NANTERRE : La cheffe de file de l'extrême droite française Marine Le Pen a défendu mercredi sa «liberté d'expression et d'information» devant un tribunal correctionnel, qui la juge pour avoir diffusé des photos d'exactions de l'Etat islamique (EI) sur les réseaux sociaux en 2015.
Le parquet a requis 5 000 euros d'amende contre la présidente du Rassemblement national (RN).
Ce procès intervient à 15 mois de l'élection présidentielle en France, pour laquelle Marine Le Pen est candidate.

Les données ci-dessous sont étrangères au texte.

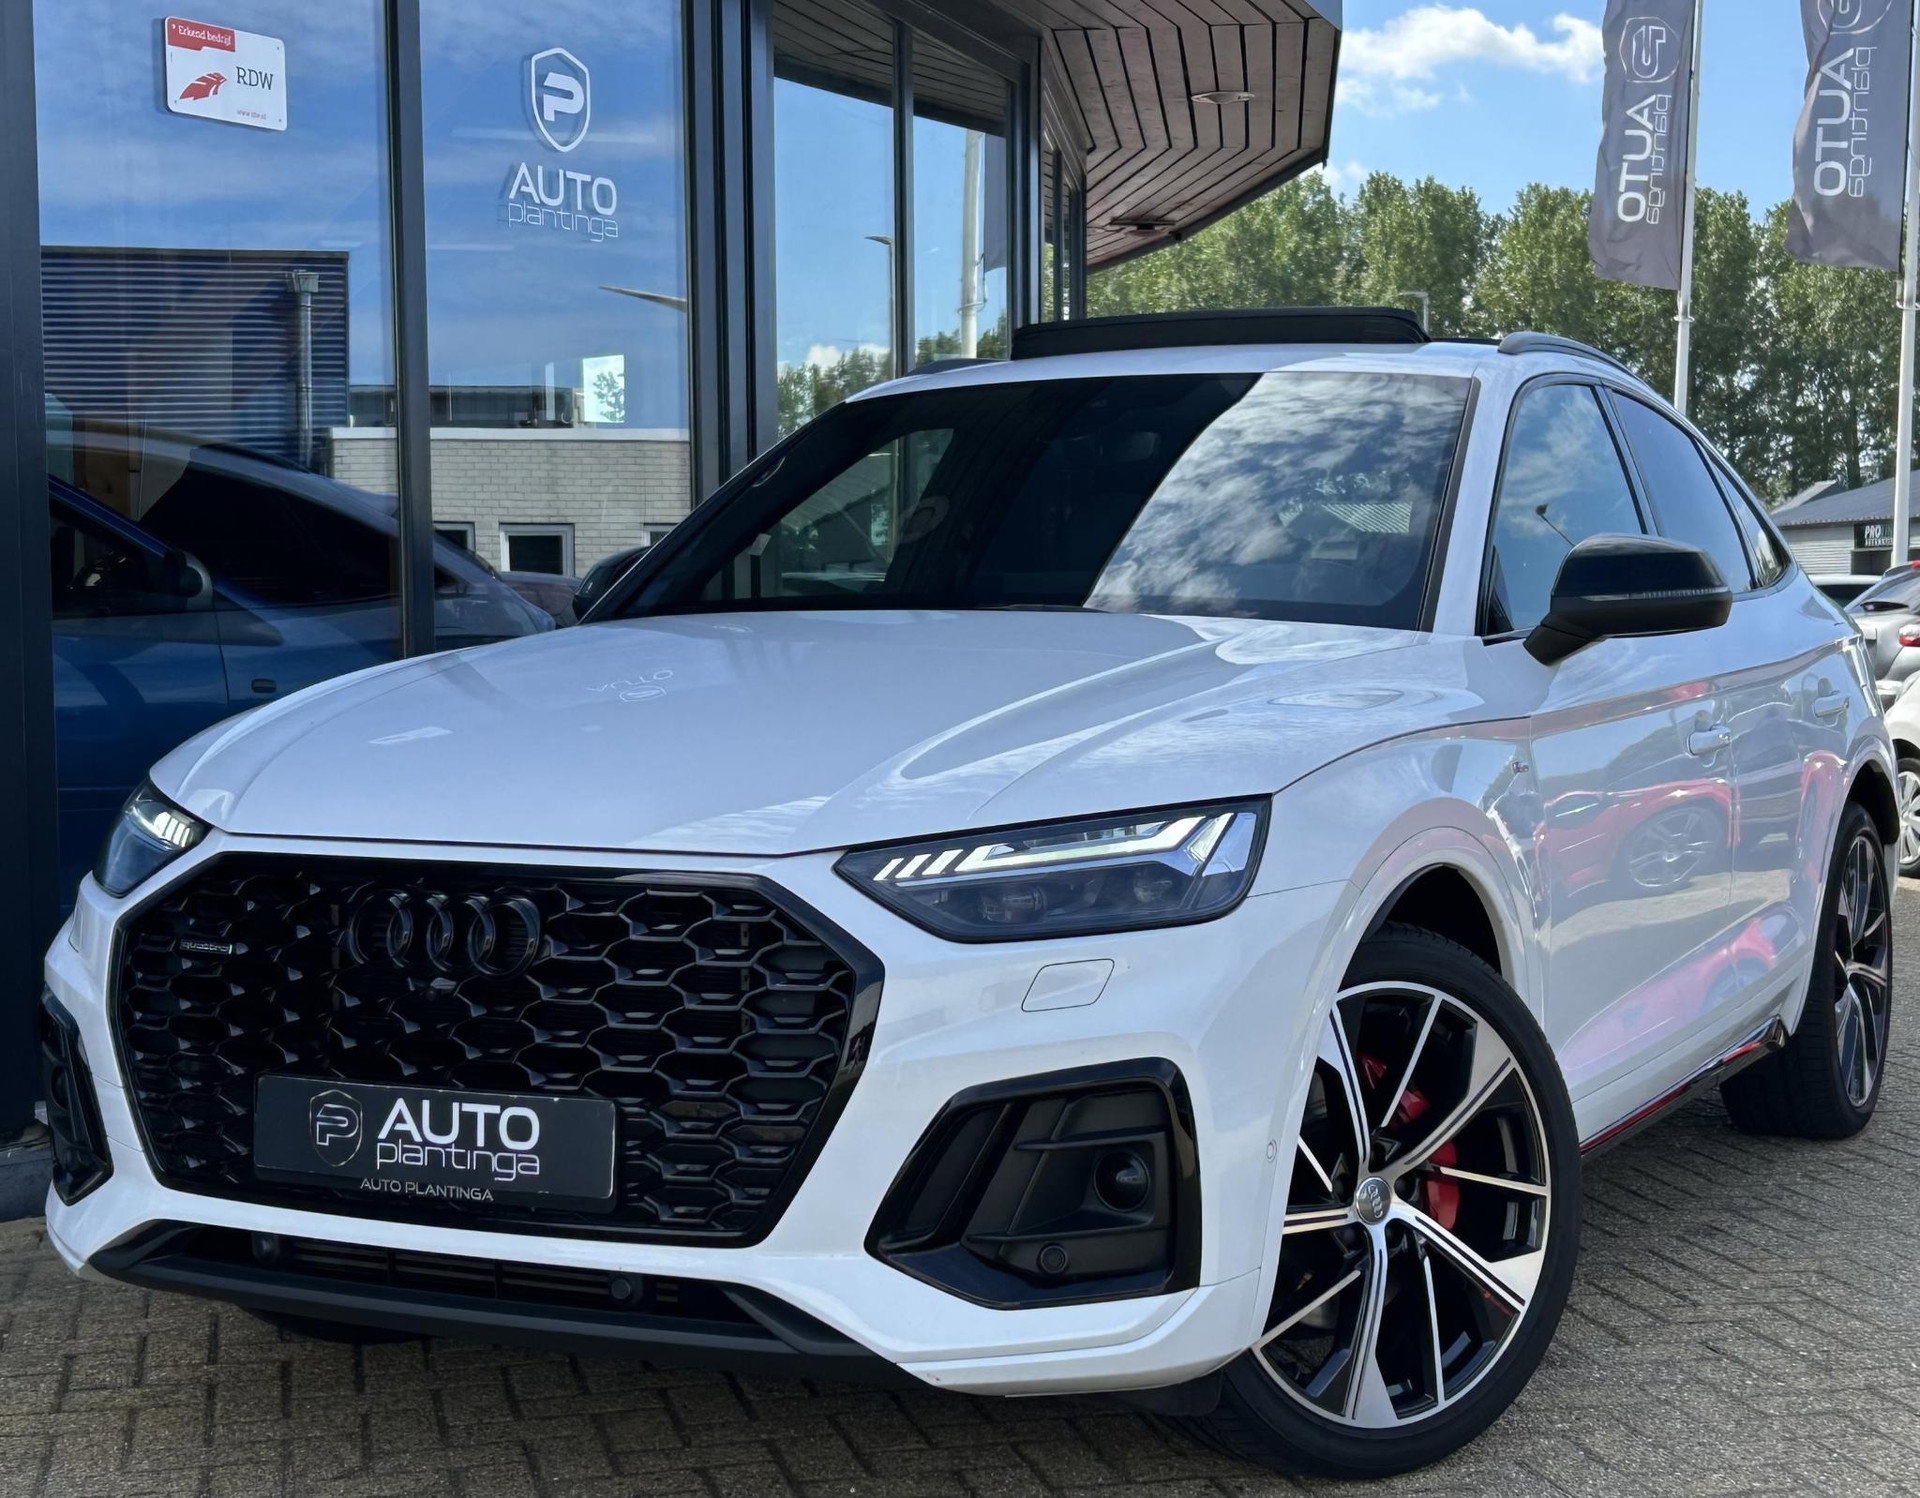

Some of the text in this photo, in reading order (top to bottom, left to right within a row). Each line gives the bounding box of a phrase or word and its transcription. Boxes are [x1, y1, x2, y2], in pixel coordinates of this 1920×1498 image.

[236, 66, 273, 90] RDW
[509, 162, 617, 215] AUTO
[508, 202, 618, 242] plantinga
[377, 1097, 540, 1151] AUTO
[376, 1142, 540, 1182] plantinga
[360, 1177, 494, 1202] AUTO PLANTINGA

Déjà finaliste face à Emmanuel Macron en 2017, elle figure en tête, au coude-à-coude avec ce dernier selon certains sondages.
Mme Le Pen est jugée devant le tribunal correctionnel de Nanterre, près de Paris, pour avoir diffusé des photos issues de la propagande de l'Etat islamique sur les réseaux sociaux le 16 décembre 2015.

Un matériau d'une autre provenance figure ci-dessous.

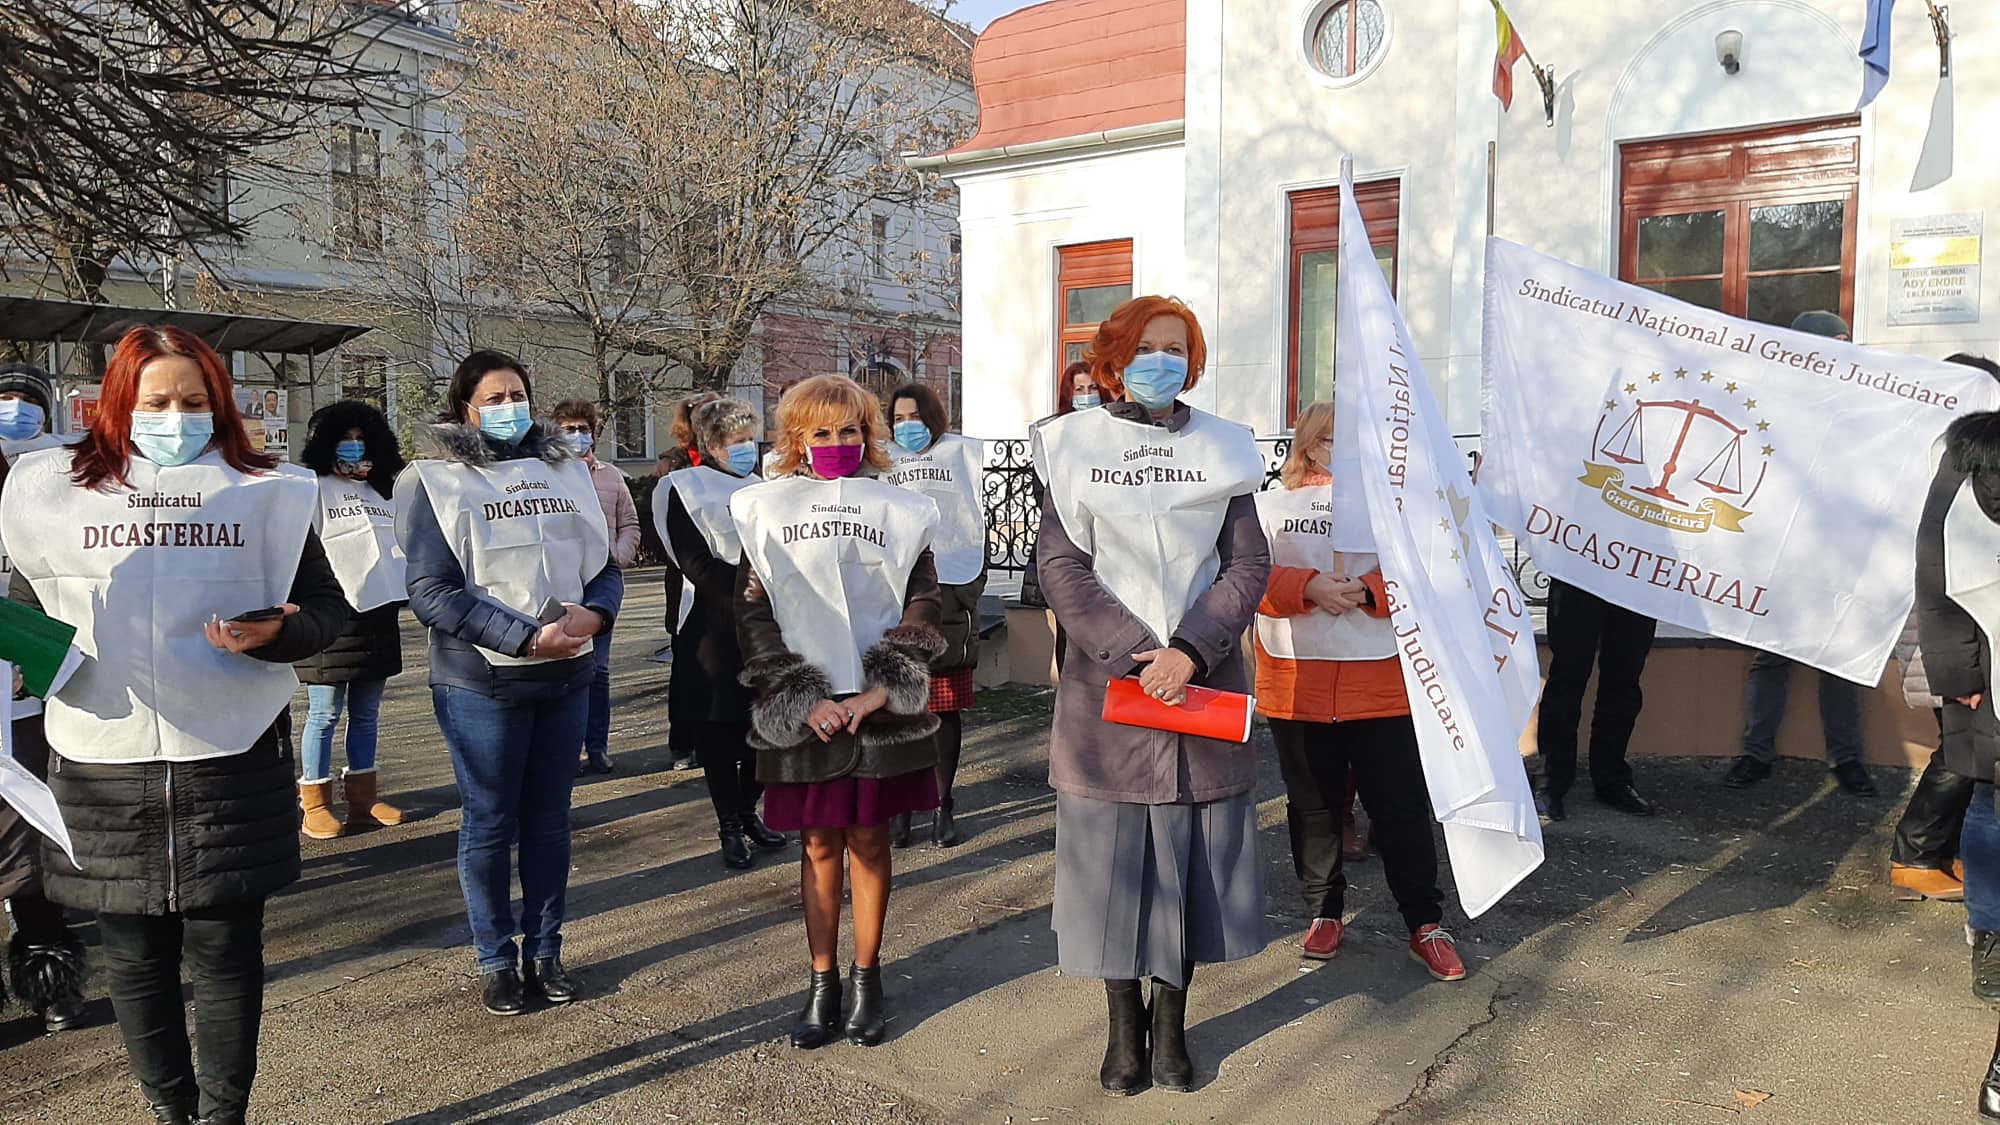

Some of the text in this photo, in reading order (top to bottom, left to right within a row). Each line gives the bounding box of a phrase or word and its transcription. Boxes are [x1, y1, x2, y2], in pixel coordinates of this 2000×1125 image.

[1903, 276, 1967, 288] ADY ENDRE
[1518, 278, 1959, 411] Sindicatul Național al Grefei Judiciare
[1123, 445, 1174, 462] Sindicatul
[887, 468, 953, 486] DICASTERIAL
[1090, 466, 1207, 486] DICASTERIAL
[506, 480, 550, 495] Sindicatul
[127, 492, 202, 509] Sindicatul
[483, 498, 581, 520] DICASTERIAL
[811, 504, 861, 515] Sindicatul
[1606, 489, 1705, 529] Grefa judiciară
[83, 523, 245, 550] DICASTERIAL
[783, 520, 886, 548] DICASTERIAL
[1525, 504, 1771, 617] DICASTERIAL
[1393, 622, 1465, 751] Judiciare

En réponse au journaliste français Jean-Jacques Bourdin, qu'elle accusait d'avoir «fait un parallèle» entre l'EI et le Front national (renommé depuis Rassemblement national) au cours d'une émission, Marine Le Pen avait relayé trois photos d'exactions du groupe jihadiste en y ajoutant les mots: «Daech», c'est ça!.
Les photos montraient un soldat syrien écrasé vivant sous les chenilles d'un char, un pilote jordanien brûlé vif dans une cage et le corps décapité du journaliste américain James Foley, la tête posée sur le dos.

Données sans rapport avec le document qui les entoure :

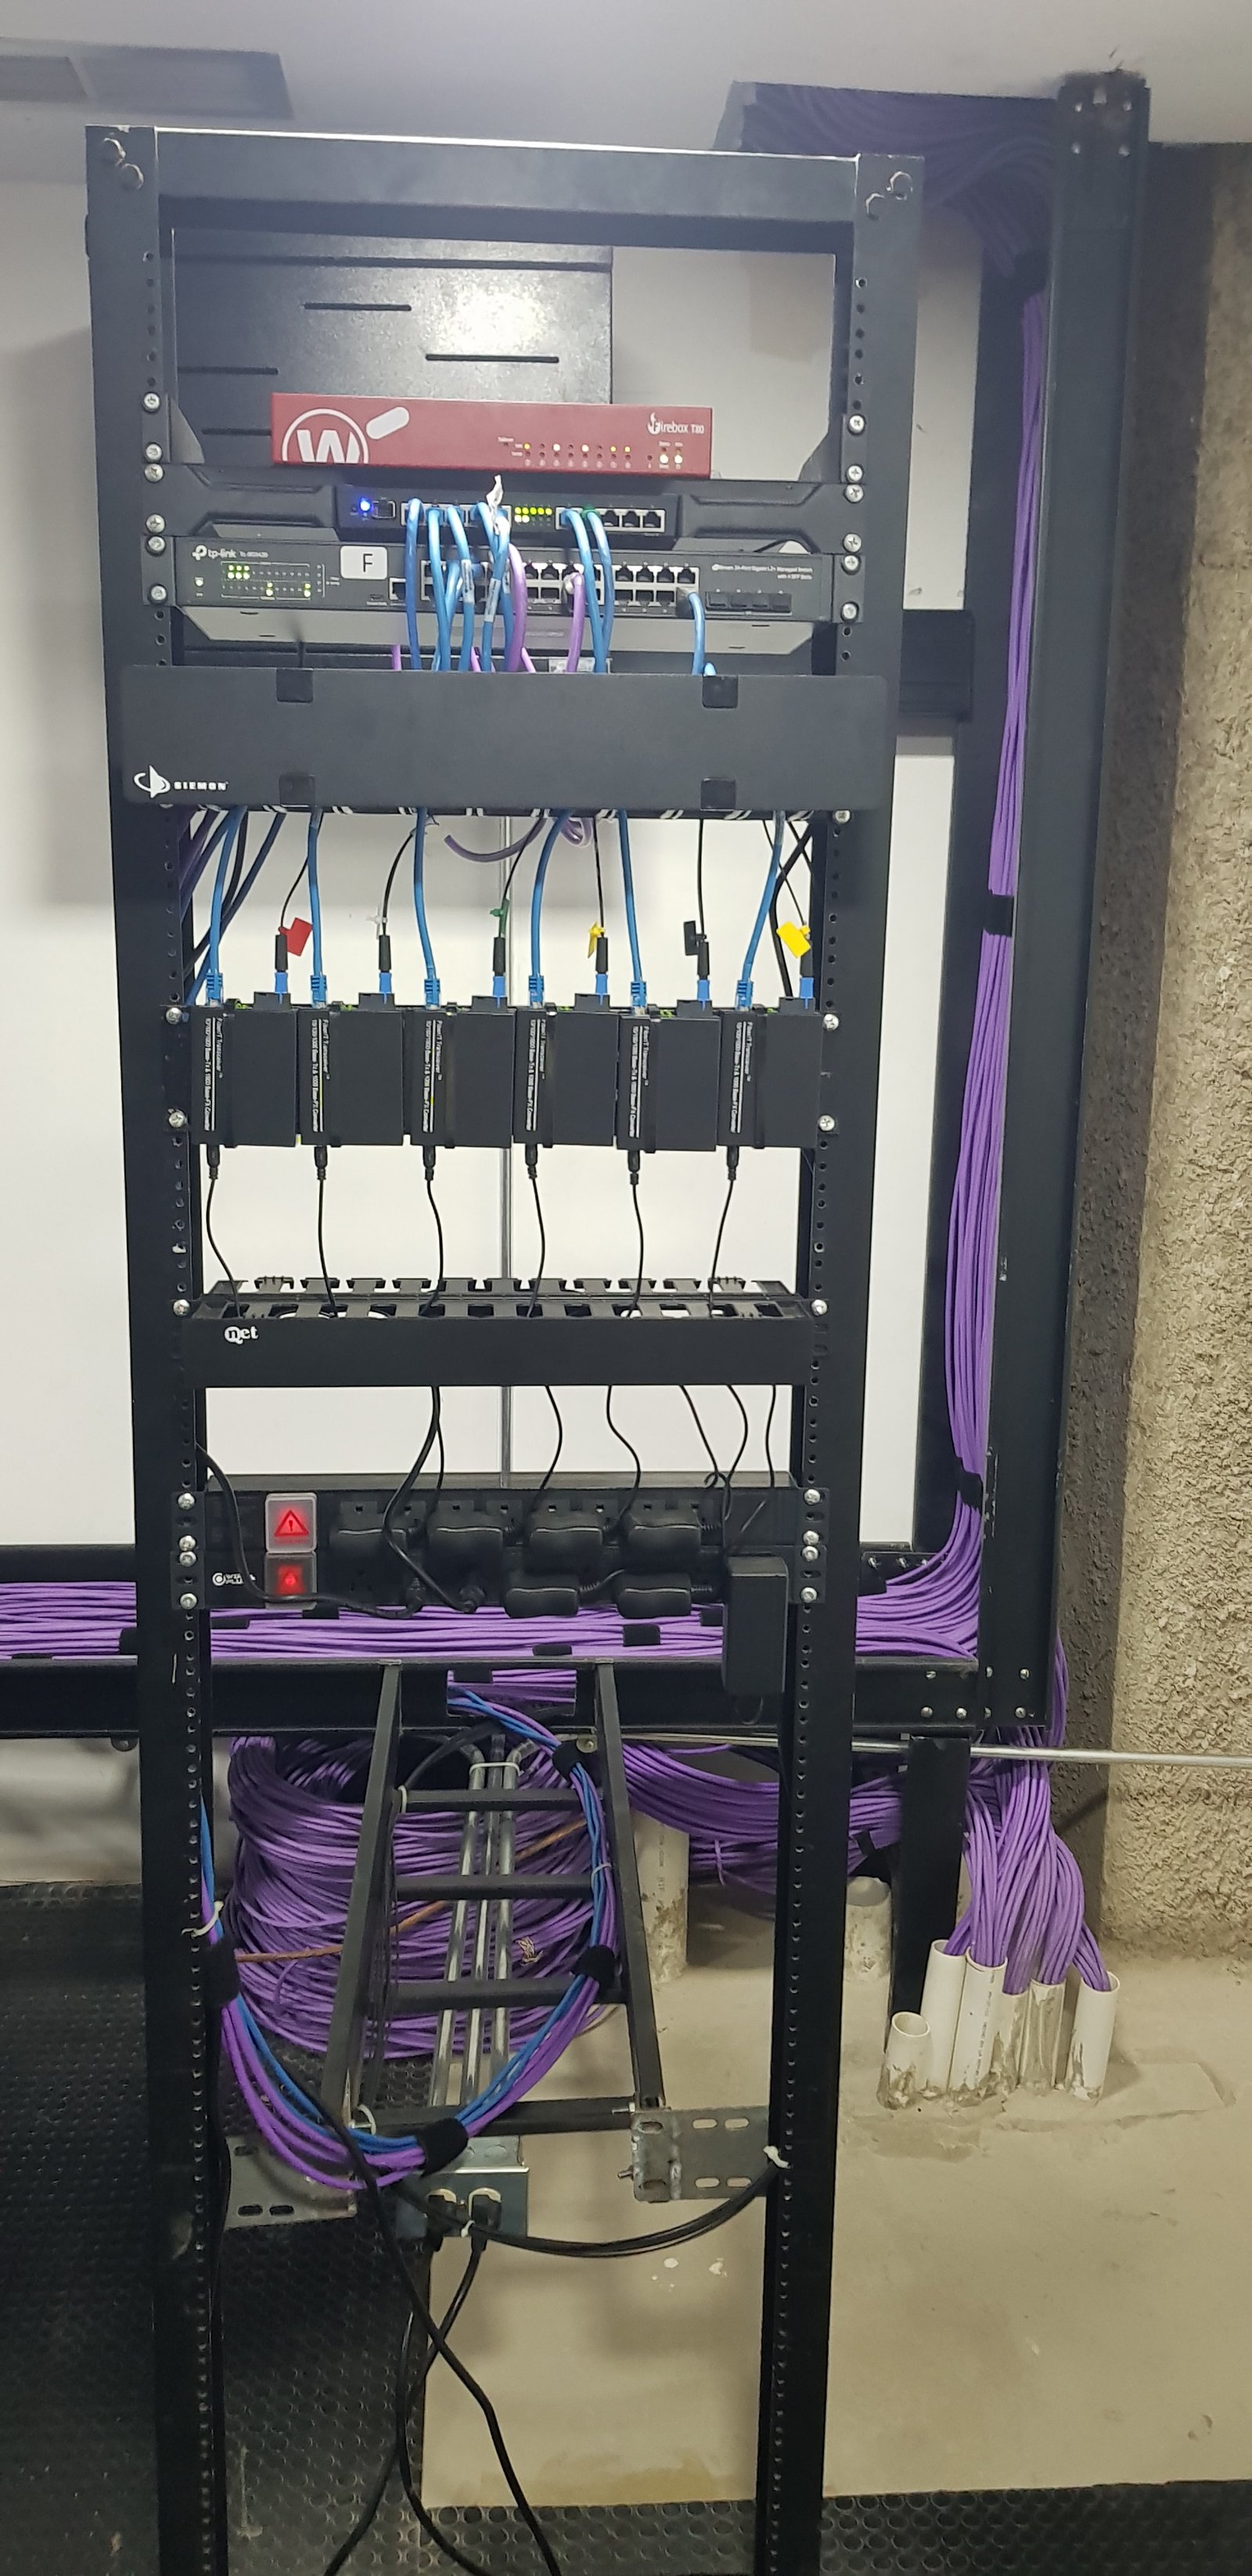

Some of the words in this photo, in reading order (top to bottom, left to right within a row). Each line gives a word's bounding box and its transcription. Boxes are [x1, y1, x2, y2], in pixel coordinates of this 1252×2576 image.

[648, 412, 688, 434] Firebox
[297, 430, 361, 463] W
[208, 549, 236, 559] tp-link
[363, 553, 372, 572] F
[174, 781, 227, 791] SIEMON

Ces publications, quelques semaines après les attentats jihadistes de Paris et Saint-Denis du 13 novembre 2015 (130 morts et des centaines de blessés), avaient immédiatement soulevé un tollé au sein de la gauche, alors au gouvernement, comme de la droite, et au-delà du monde politique.
«M. Bourdin a fait une comparaison entre le RN et Daesh en disant qu'il y a une "communauté d'esprit" entre le RN et Daech», a déclaré Marine Le Pen à la barre, dénonçant «une banalisation et une minorisation inadmissible des crimes contre l'humanité (...) qui sont le fait de ce gang d'assassins prénommé Daech».
M. Bourdin avait évoqué une «communauté d'esprit» entre le RN et l'EI, autour du «repli identitaire».
«Liberté d'expression et d'information »
«J'ai donc rappelé directement sur Twitter M. Bourdin à la raison par deux tweets», a-t-elle raconté, expliquant avoir laissé son community manager le choix des photos, mais en «assumer totalement la responsabilité».
L'eurodéputé français du RN Gilbert Collard, proche de Mme Le Pen, avait relayé le même jour la photo d'un homme gisant au sol, le crâne défoncé, avec ce commentaire: «Bourdin compare le FN à Daech: le poids des mots et le choc des bobos!»
Après trois ans d'instruction, les deux responsables politiques sont poursuivis ensemble sur la base d'un article du Code pénal français punissant la diffusion de messages violents susceptibles d'être vus par un mineur: une infraction passible de trois ans de prison et 75 000 euros d'amende.
Le parquet a également requis une amende de 5 000 euros contre Gilbert Collard.
«Ils avaient parfaitement le droit de diffuser ces images, le problème est de s'assurer, avant la diffusion, qu'aucun mineur n'est susceptible de voir ou de percevoir ces images», a expliqué le procureur Jean-Pascal Oualid dans ses réquisitions.
«Estimez-vous que ces photos portent atteinte à la dignité humaine ?», a demandé la présidente aux deux prévenus.
«Non», a répondu Gilbert Collard, par ailleurs avocat. «Si un abruti nie la Shoah, je suis parfaitement capable de lui sortir des photos de camps de concentration», a-t-il ajouté.
«Aviez-vous conscience qu'un public mineur était susceptible de voir ?» les tweets, a repris la présidente.
«Je n'ai véritablement pas pensé à ça. J'ai pensé à la liberté qui est la mienne d'expression et d'information», a répondu Marine Le Pen.
«Et vous n'aviez pas peur que ces photos aient un caractère prosélyte, incitatif ?», a renchéri la présidente.
«Pour moi, ces photos sont épouvantablement choquantes et par conséquent elles provoquent le dégoût, le rejet, et pas l'adhésion», s'est-elle encore défendue.
Avant d'entrer dans la salle d'audience, Marine Le Pen a dénoncé auprès de la presse un «procès politique» contre son mouvement. La candidate à la présidentielle de 2022 a aussi assuré qu'elle «republierait» ces images, si c'était à refaire.